Exercise requirements | The data below should be restated word for word, pictures omitted.

(Phrase grounding data)

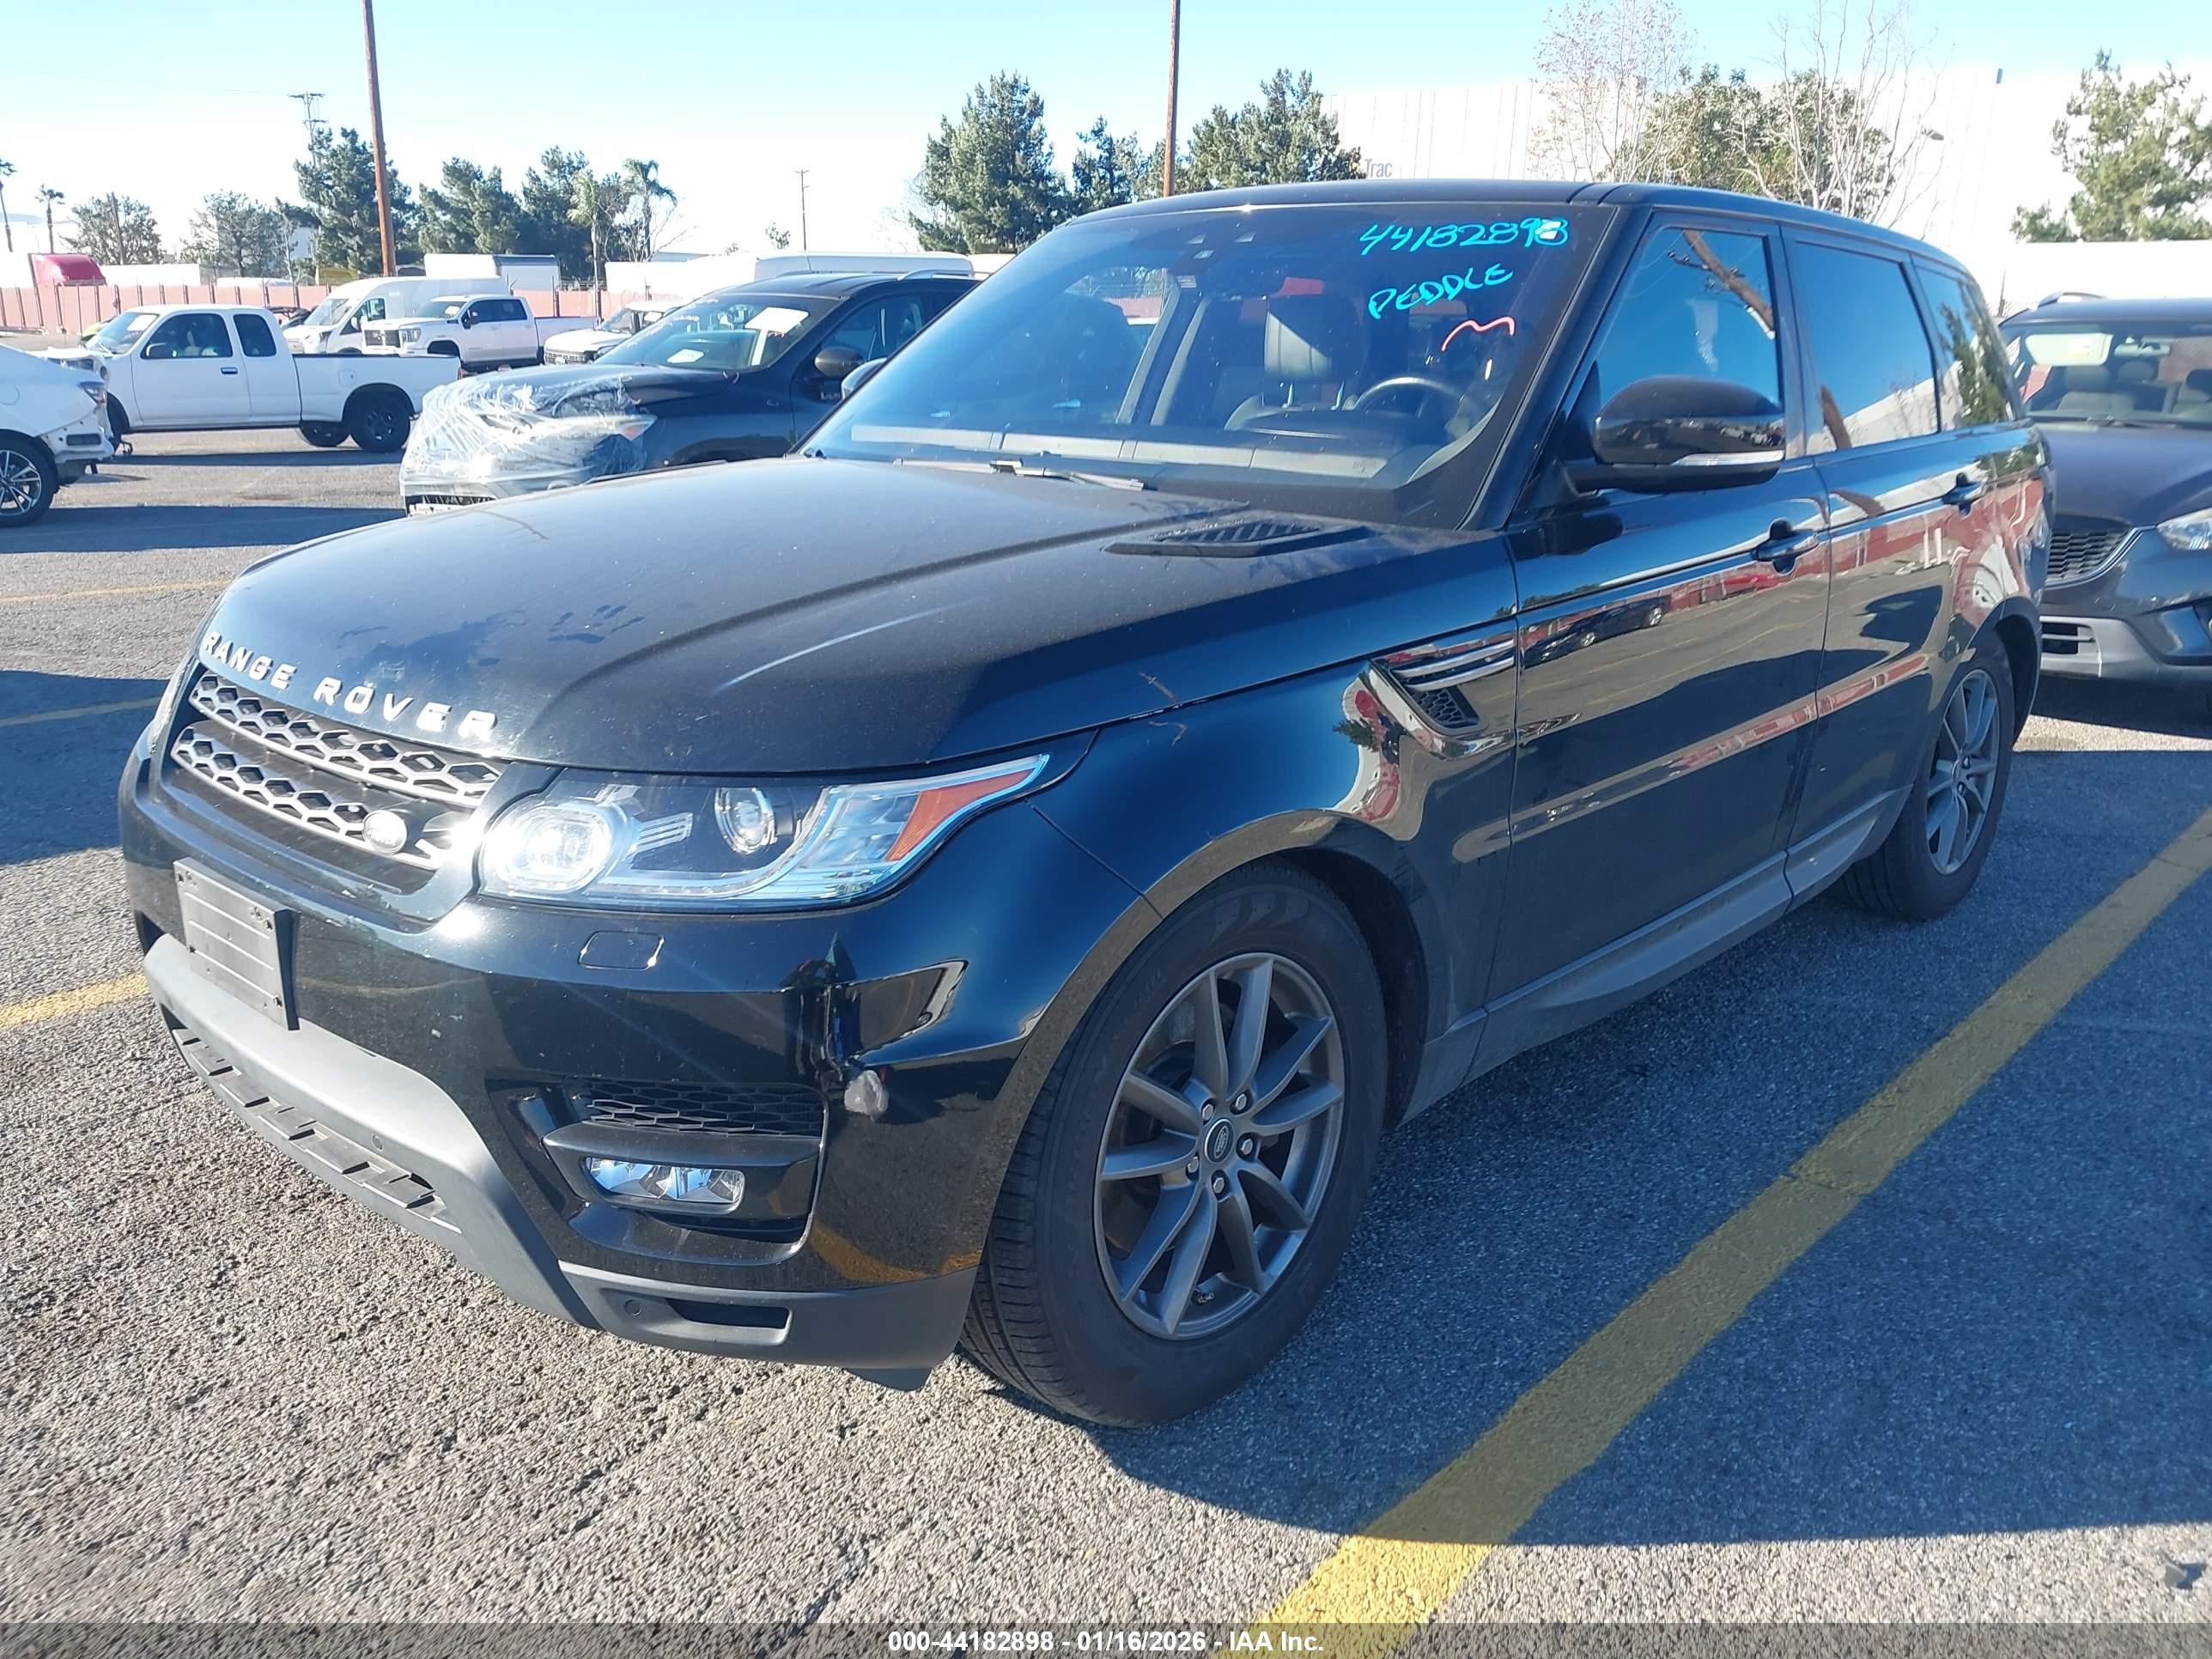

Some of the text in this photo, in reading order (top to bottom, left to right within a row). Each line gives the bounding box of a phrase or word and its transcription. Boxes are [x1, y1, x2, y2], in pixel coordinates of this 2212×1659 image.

[1359, 217, 1569, 256] 44182898
[1368, 263, 1514, 319] PEDDLE
[200, 631, 498, 743] RANGE ROVER
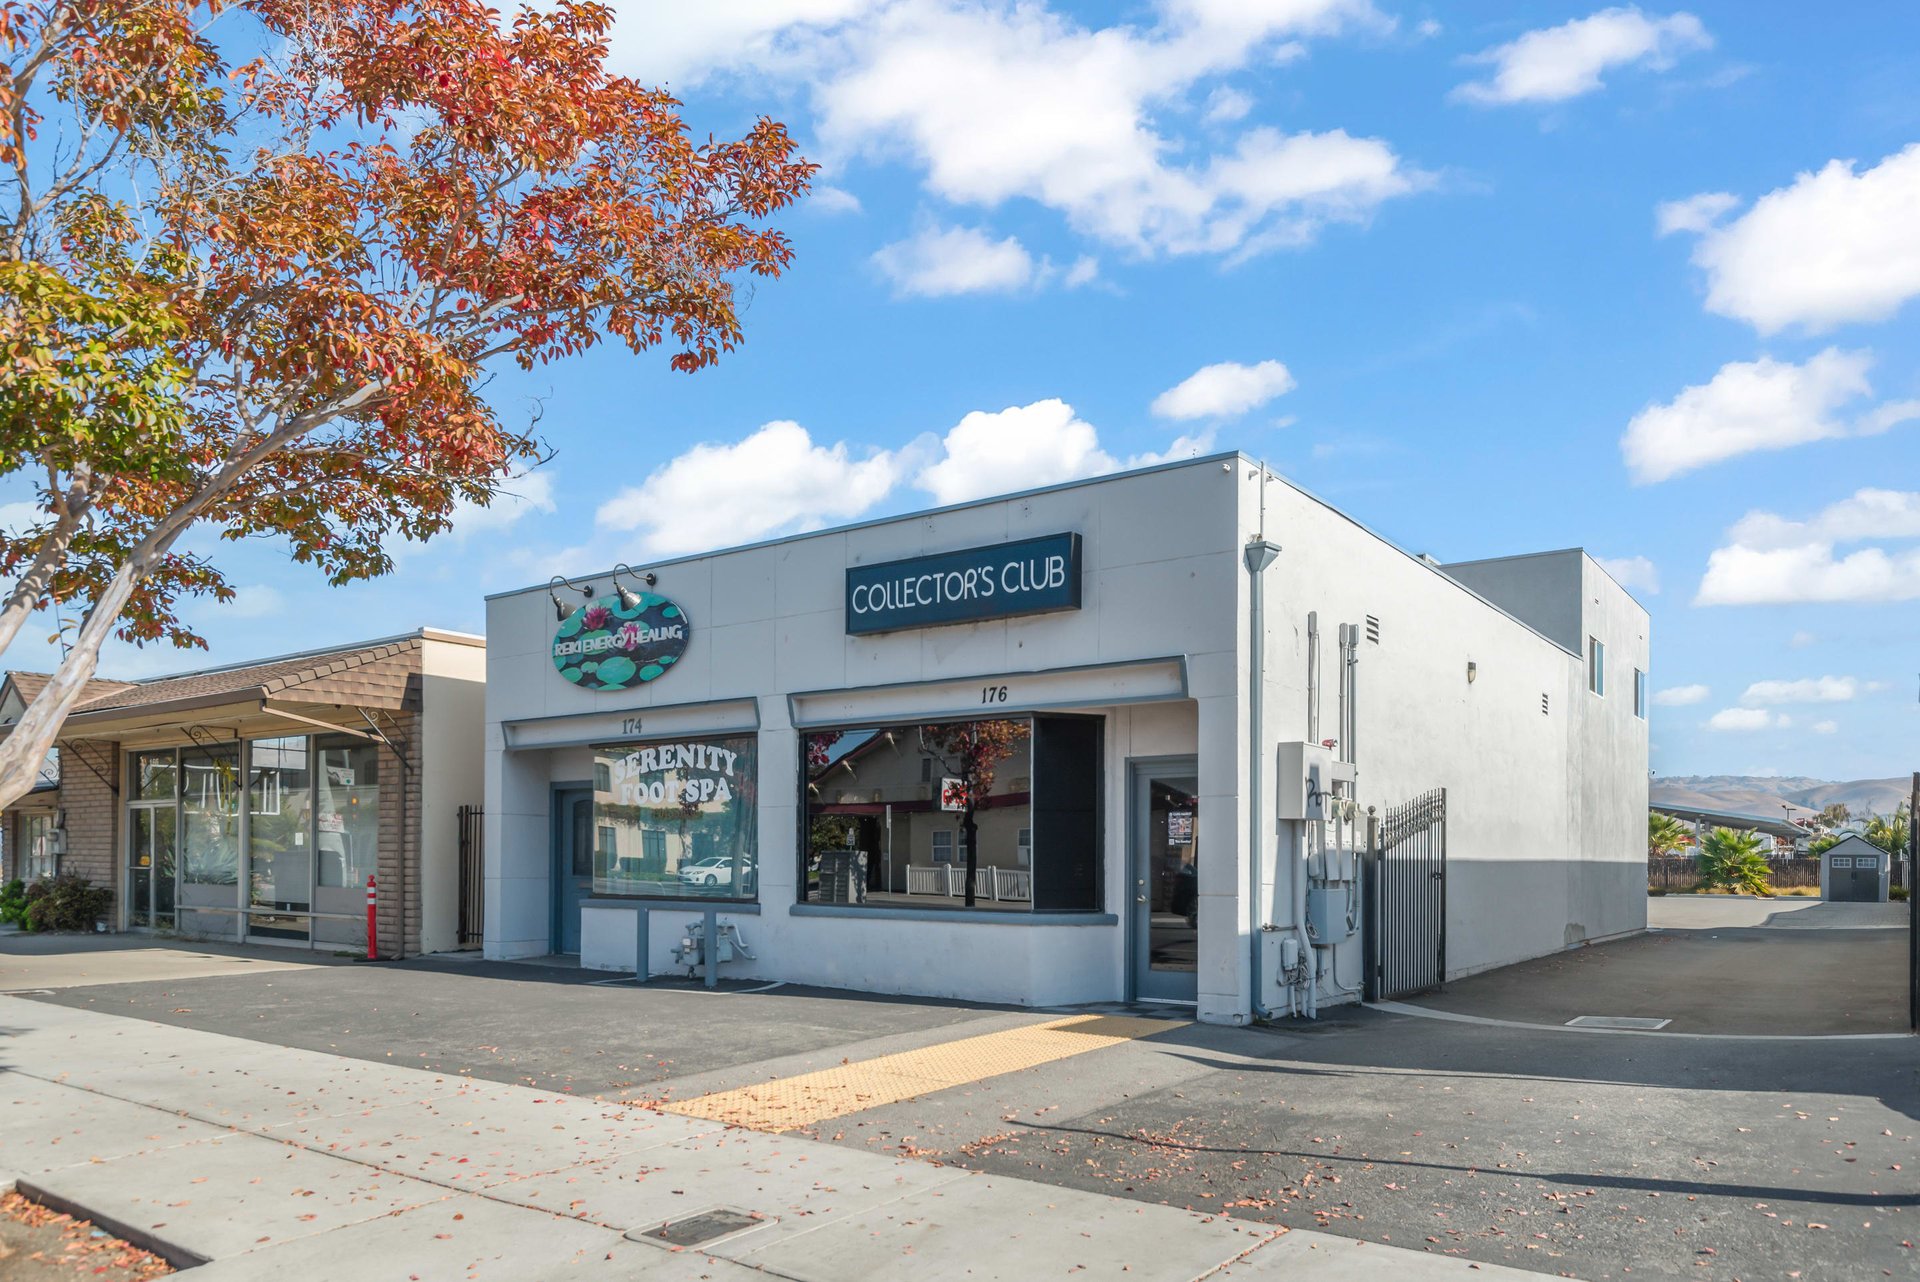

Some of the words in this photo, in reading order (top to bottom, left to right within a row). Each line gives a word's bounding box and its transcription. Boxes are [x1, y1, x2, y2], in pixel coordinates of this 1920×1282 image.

[852, 566, 995, 614] COLLECTOR'S
[1001, 555, 1065, 593] CLUB
[582, 632, 628, 653] ENERGY
[630, 624, 683, 644] HEALING
[981, 686, 1008, 704] 176
[622, 718, 642, 734] 174
[614, 744, 737, 784] SERENITY
[621, 781, 679, 806] FOOT
[685, 777, 733, 803] SPA
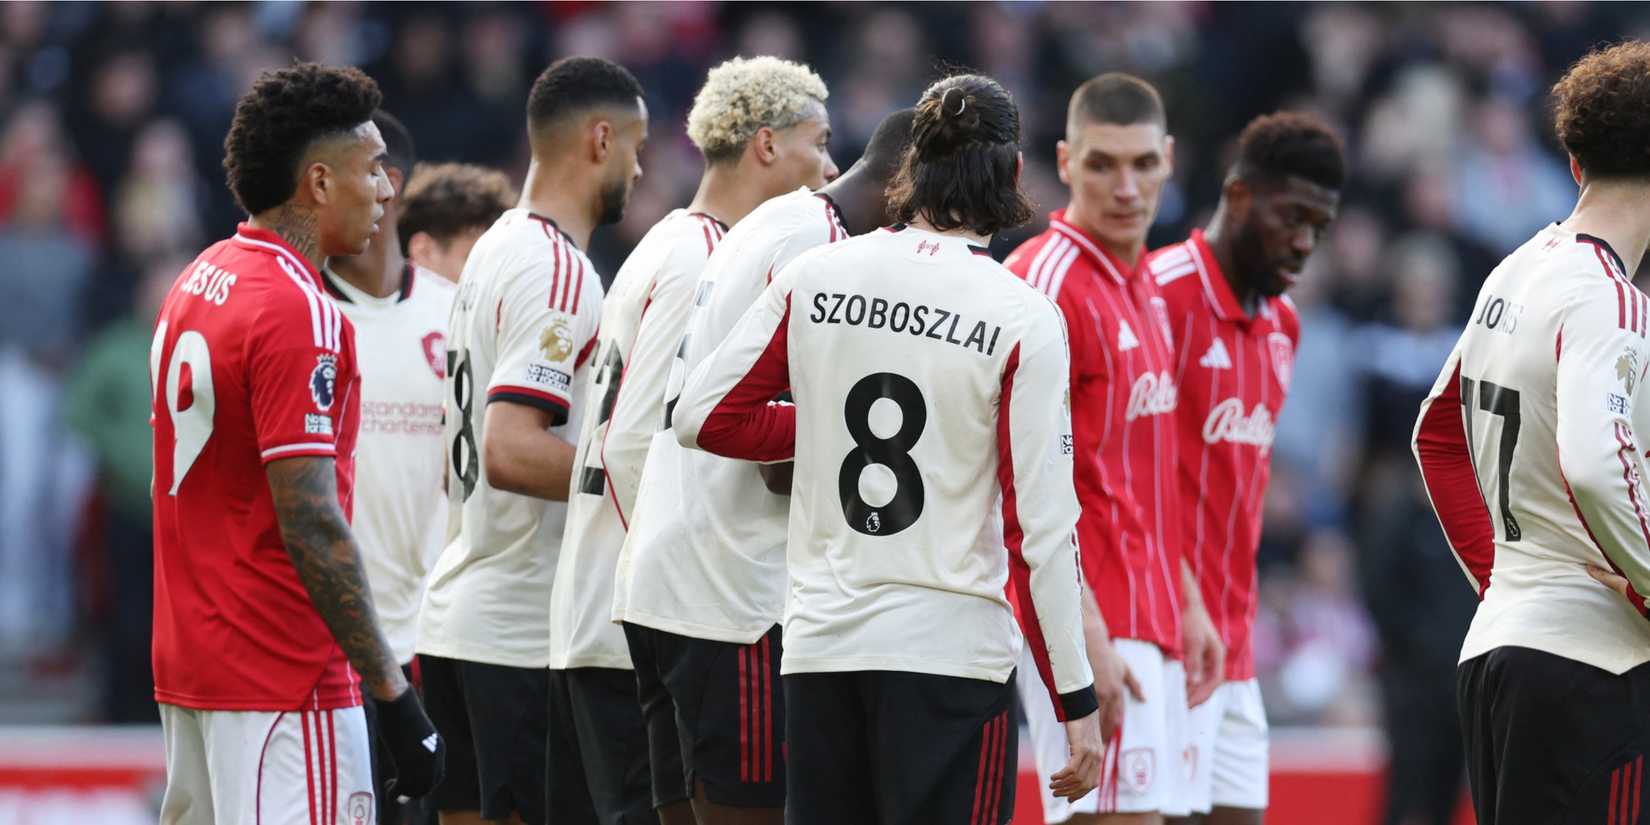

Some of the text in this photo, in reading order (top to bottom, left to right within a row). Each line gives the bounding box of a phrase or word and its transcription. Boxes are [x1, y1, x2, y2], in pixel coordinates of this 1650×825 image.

[809, 292, 1002, 357] SZOBOSZLAI
[447, 348, 480, 503] 8
[838, 372, 928, 537] 8

Result for this task |
Some of the text in this photo, in reading order (top to bottom, left to right within a row). Each line gives the bounding box of a phrase or word and its transcription. Boxes are [x1, y1, x2, y2], in pixel coordinates of this 2212×1659 image.

[1359, 217, 1569, 256] 44182898
[1368, 263, 1514, 319] PEDDLE
[200, 631, 498, 743] RANGE ROVER

Some of the words in this photo, in reading order (top to bottom, left to right within a row). Each line gives a word's bounding box and its transcription. Boxes are [x1, y1, x2, y2], in pixel coordinates of this 1920×1282 image.

[852, 566, 995, 614] COLLECTOR'S
[1001, 555, 1065, 593] CLUB
[582, 632, 628, 653] ENERGY
[630, 624, 683, 644] HEALING
[981, 686, 1008, 704] 176
[622, 718, 642, 734] 174
[614, 744, 737, 784] SERENITY
[621, 781, 679, 806] FOOT
[685, 777, 733, 803] SPA

Some of the text in this photo, in reading order (top to bottom, left to right within a row). Each line gives the bounding box of a phrase or word and its transcription. Boxes are [x1, y1, x2, y2], in pixel coordinates of this 1650×825 image.

[809, 292, 1002, 357] SZOBOSZLAI
[447, 348, 480, 503] 8
[838, 372, 928, 537] 8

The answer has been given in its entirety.